Failing to understand the right objective: This is less about the model and more about the hubris of the modeler. Take this article from Wages of Wins, I am not here to critique the model, which might be fantastic. However, the writer’s conclusion is that GMs were making dumb mistakes and would be better off if they drafted according to his model. But this assumes that every GM’s goal is to select the player who is ultimately going to have the highest production. That might sound reasonable, but we know that GMs of bad teams (especially small market teams) need to get superstars. They aren’t always trying to pick the safest player. They often would prefer to draft a player with a 30% chance of becoming an all star and 70% chance of becoming a bust over a player who is "guaranteed" to become a solid bench contributor.
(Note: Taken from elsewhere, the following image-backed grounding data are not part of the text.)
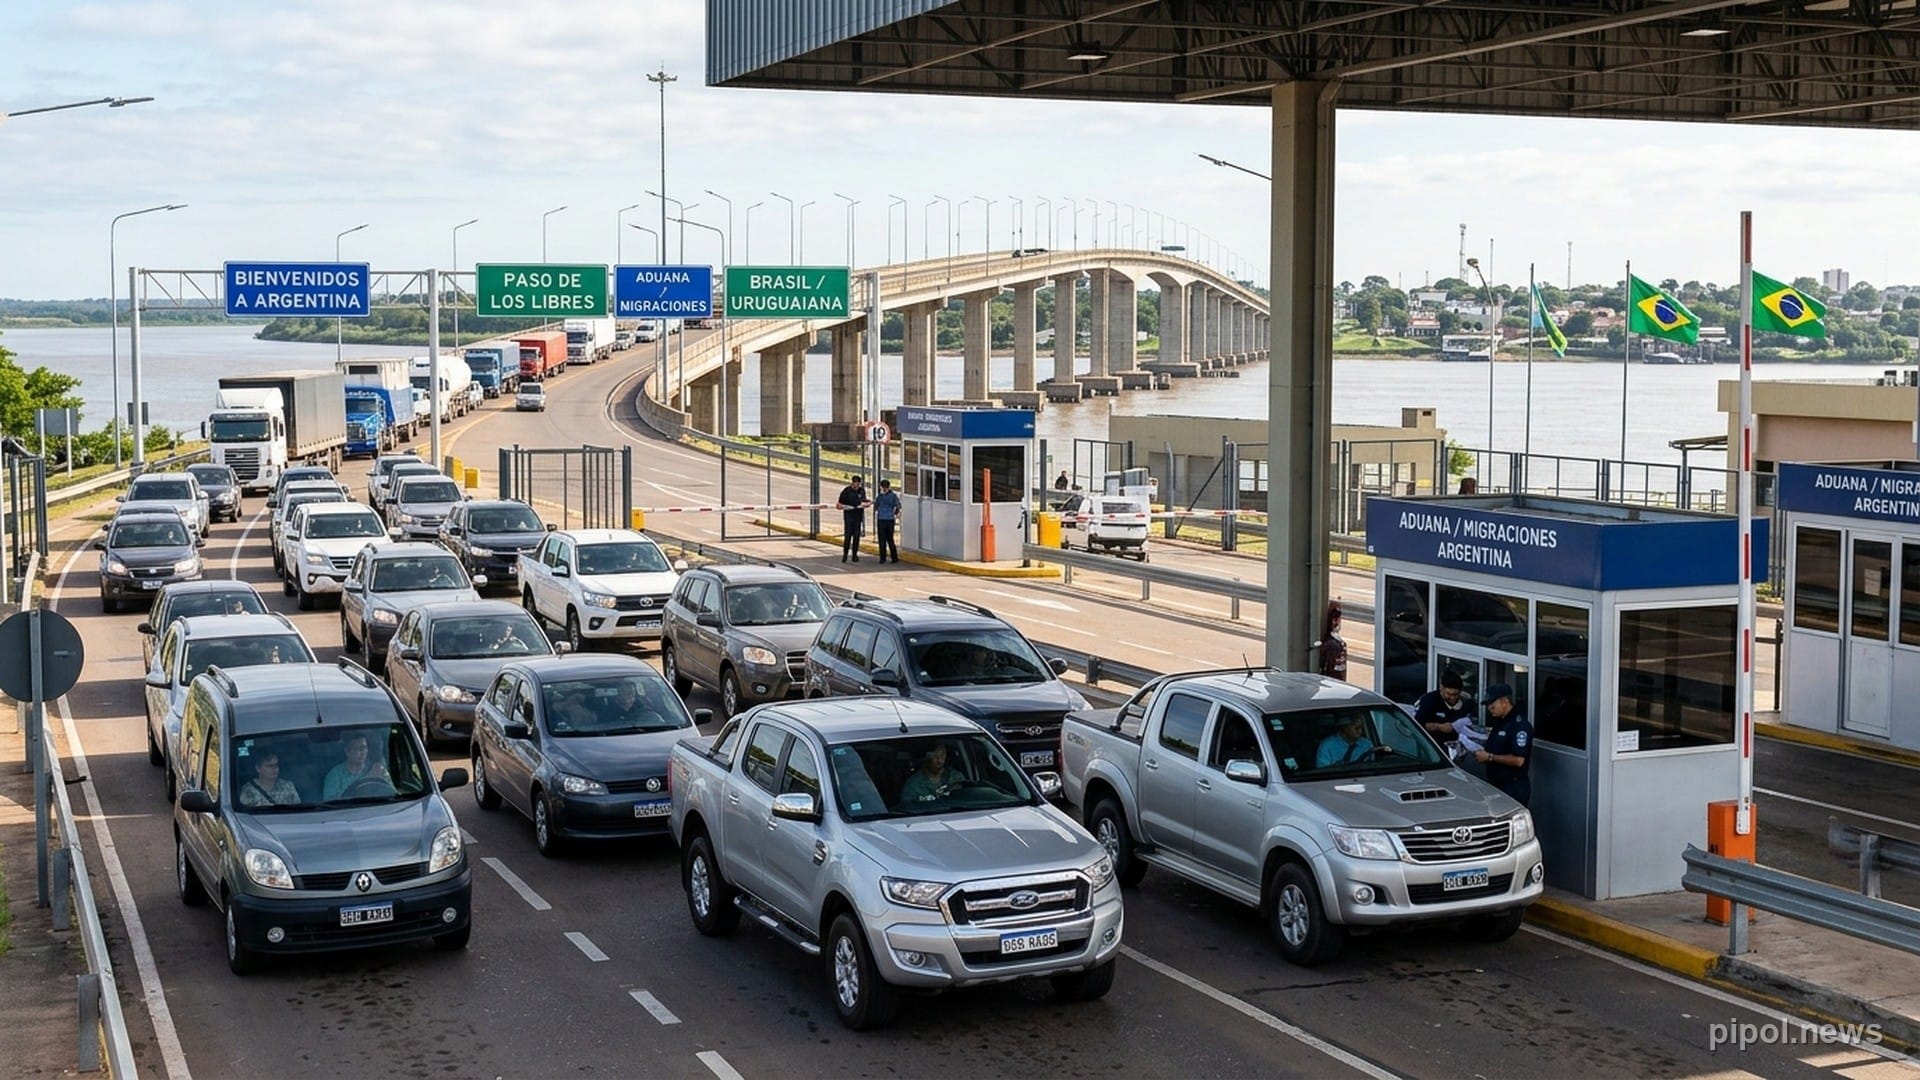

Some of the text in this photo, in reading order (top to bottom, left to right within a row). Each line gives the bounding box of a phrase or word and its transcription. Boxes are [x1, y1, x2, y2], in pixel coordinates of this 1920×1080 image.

[235, 271, 360, 287] BIENVENIDOS
[504, 272, 582, 288] PASO DE
[636, 271, 690, 283] ADUANA
[750, 275, 826, 290] BRASIL /
[235, 293, 361, 308] A ARGENTINA
[491, 294, 595, 310] LOS LIBRES
[620, 300, 707, 312] MIGRACIONES
[731, 296, 843, 310] URUGUAIANA
[1815, 473, 1868, 492] ADUANA
[1854, 497, 1920, 517] ARGENTIN
[1399, 511, 1558, 548] ADUANA / MIGRACIONES
[1437, 541, 1513, 569] ARGENTINA
Getting swayed by a recent or vivid example: The inverse here is the mistake of fans that models can help with. People are often swayed by recent or vivid examples (this is psychology 101). In the draft, this leads us to immediately link Elfrid Payton with Rondo, even though there are plenty of athletic guards who can’t shoot who have been busts. As Kings fans, some of us see Aaron Gordon and can’t get images of Thomas Robinson out of our heads, even though there are definitive differences. Looking for patterns isn’t bad. But it’s important to stop for a moment and look at the data. Look at the models and question how the two players are different. Don’t let one vivid mistake lead you to make another, bigger mistake as your brain stereotypes certain types of players.
With all the talk of NBA 3.0, hopefully this fills in some of the gaps and helps as we go into the draft and discuss outcomes. In the early 2000s there was a battle between scouting and analytics with many people viewing it as a zero sum game. But now, as Nate Silver writes about in his book The Signal and the Noise, as analytics have grown so have scouting budgets. The two work perfectly in combination and the models produced by Dalt, Hollinger, Pelton, etc. aren’t meant to replace the observations of scouts or college basketball fans on this board, but add to them. Hopefully understanding the value of these models, their limitations and some of the common mistakes made with interpretation helps lead to better conversations.